Pero al mejor estilo criollo, todo ese dinero sólo sirve para que los incompetentes políticos y burócratas de una institución tan importante como  la OMS, “calienten” el asiento y se limiten a difundir y avalar sumisamente, todos los comunicados que saca la dictadura china respecto de la pandemia, algo que hasta el más ingenuo asume como absurdo el poder creer en la información controlada interesada y sesgada que entrega esa dictadura, donde ni siquiera la prensa internacional tiene posibilidad de corroborar esa información.

Claro que las cosas así, tenían que estar donde están. Esta epidemia, que con solo los reportes clínicos y algunas autopsias, se la podía haber controlado en un par de semanas dentro de sus límites provinciales en China, se convirtió en una pandemia con características apocalíticas.

Pero cómo vamos a nivel local?

En Tarija, gracias a Dios, tuvimos la suerte y oportunidad de mantener durante un largo periodo ,el contagio en su fase de “importación” donde los casos vienen de afuera y es fácilmente controlable poniendo puntos de control en todas las fronteras departamentales y obligando a una cuarentena rígida de 14 días a todo aquel que quiera entrar al Departamento.

Así de simple era la solución para mantener a raya la pandemia, incluso sin necesidad de someter a toda la población a una cuarentena total.
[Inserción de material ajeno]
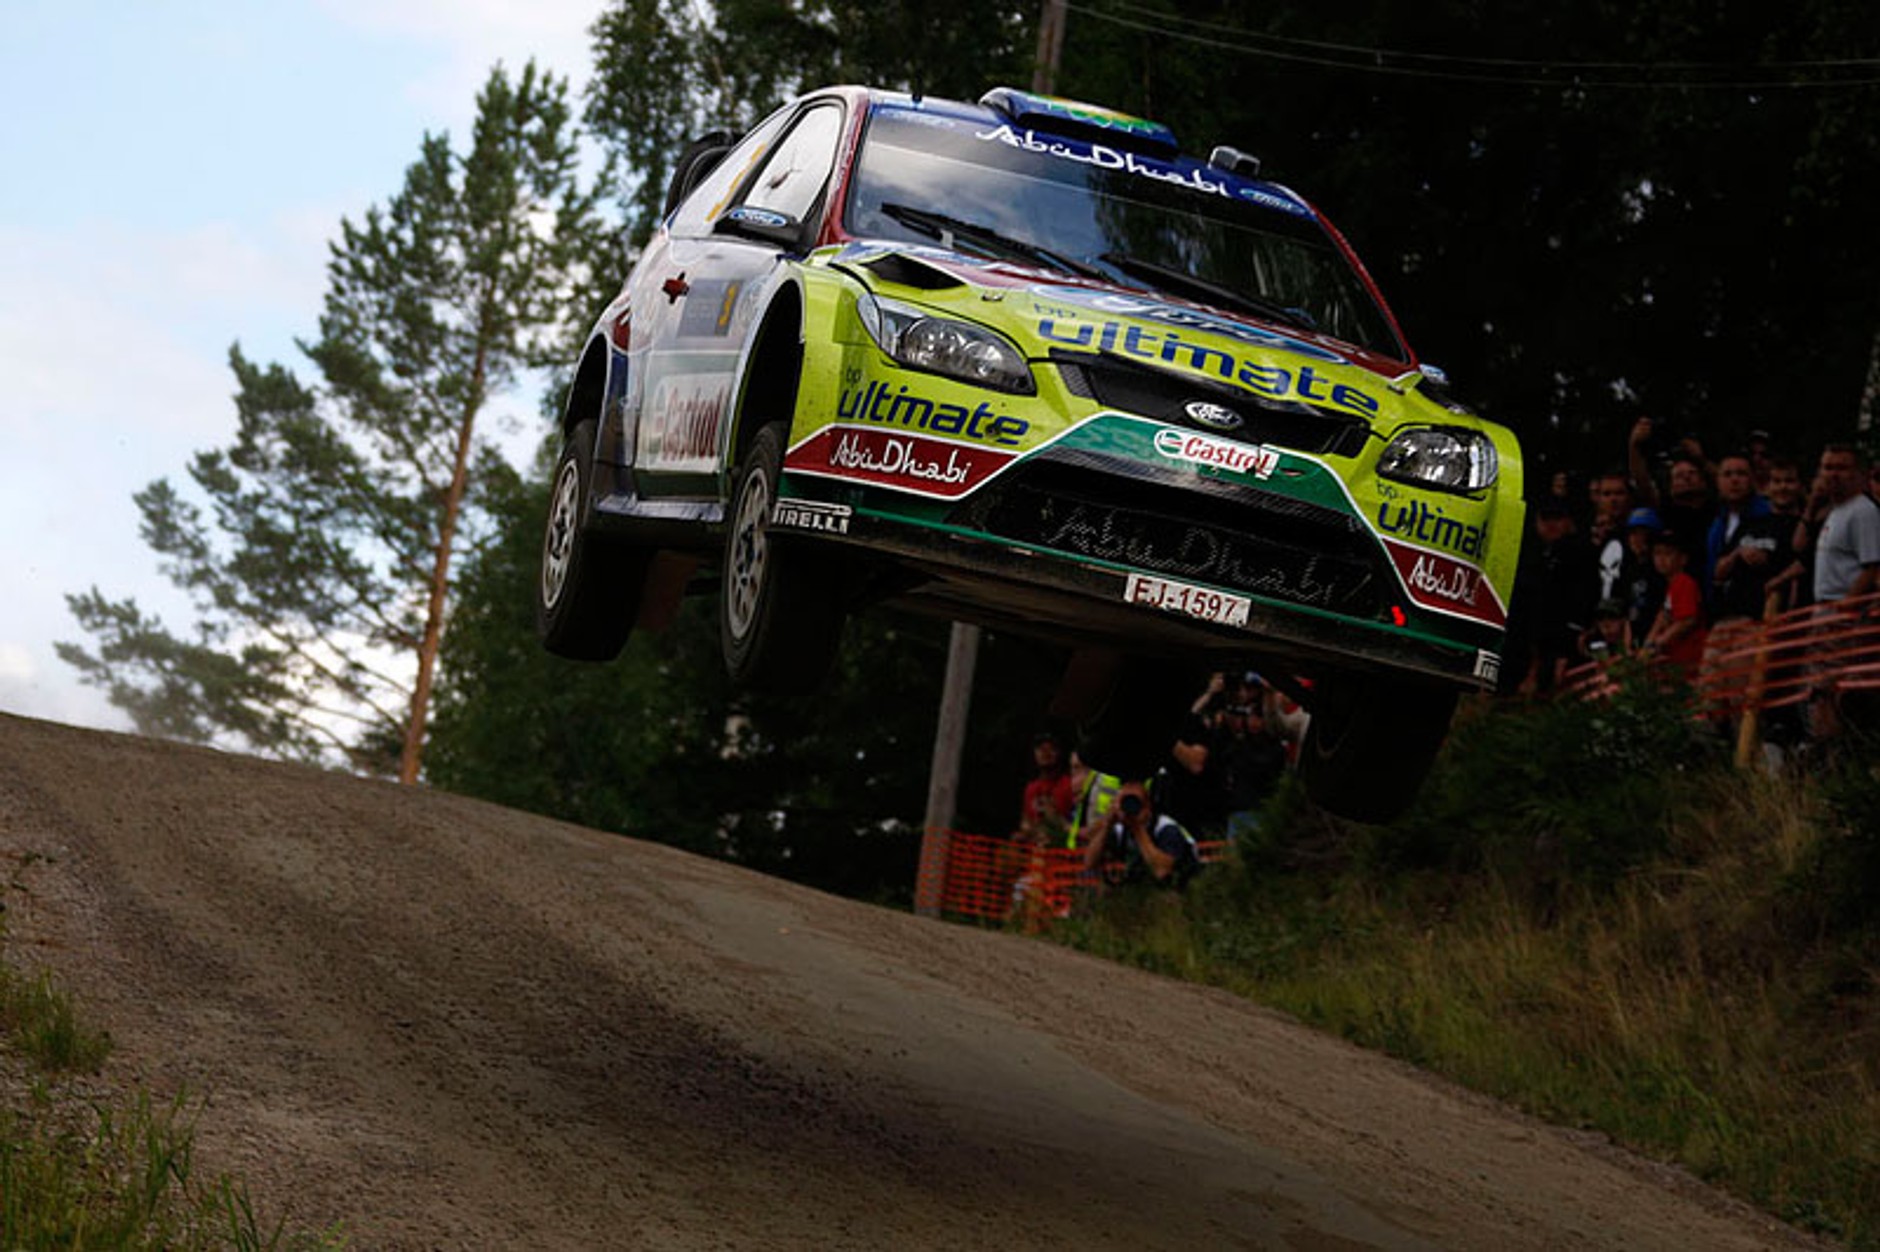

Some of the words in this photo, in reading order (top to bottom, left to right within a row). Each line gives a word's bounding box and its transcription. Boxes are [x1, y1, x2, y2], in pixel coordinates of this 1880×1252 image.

[1038, 319, 1380, 419] ultimate
[837, 380, 1030, 445] ultimate
[1184, 436, 1272, 476] Castrol
Pero al mejor estilo criollo nuevamente, el control lo hicimos en el mercado del barrio y no en las fronteras del Departamento.

Ahora, cuando ya hay 18 infectados, por fin, las autoridades tienen la facilidad de decir que es contagio comunitario y con ello lavarse las manos de toda responsabilidad.

Me duele decirlo, pero a nivel mundial y local, nos gobiernan y dirigen los que dominan el arte de convertir lo fácil, en difícil.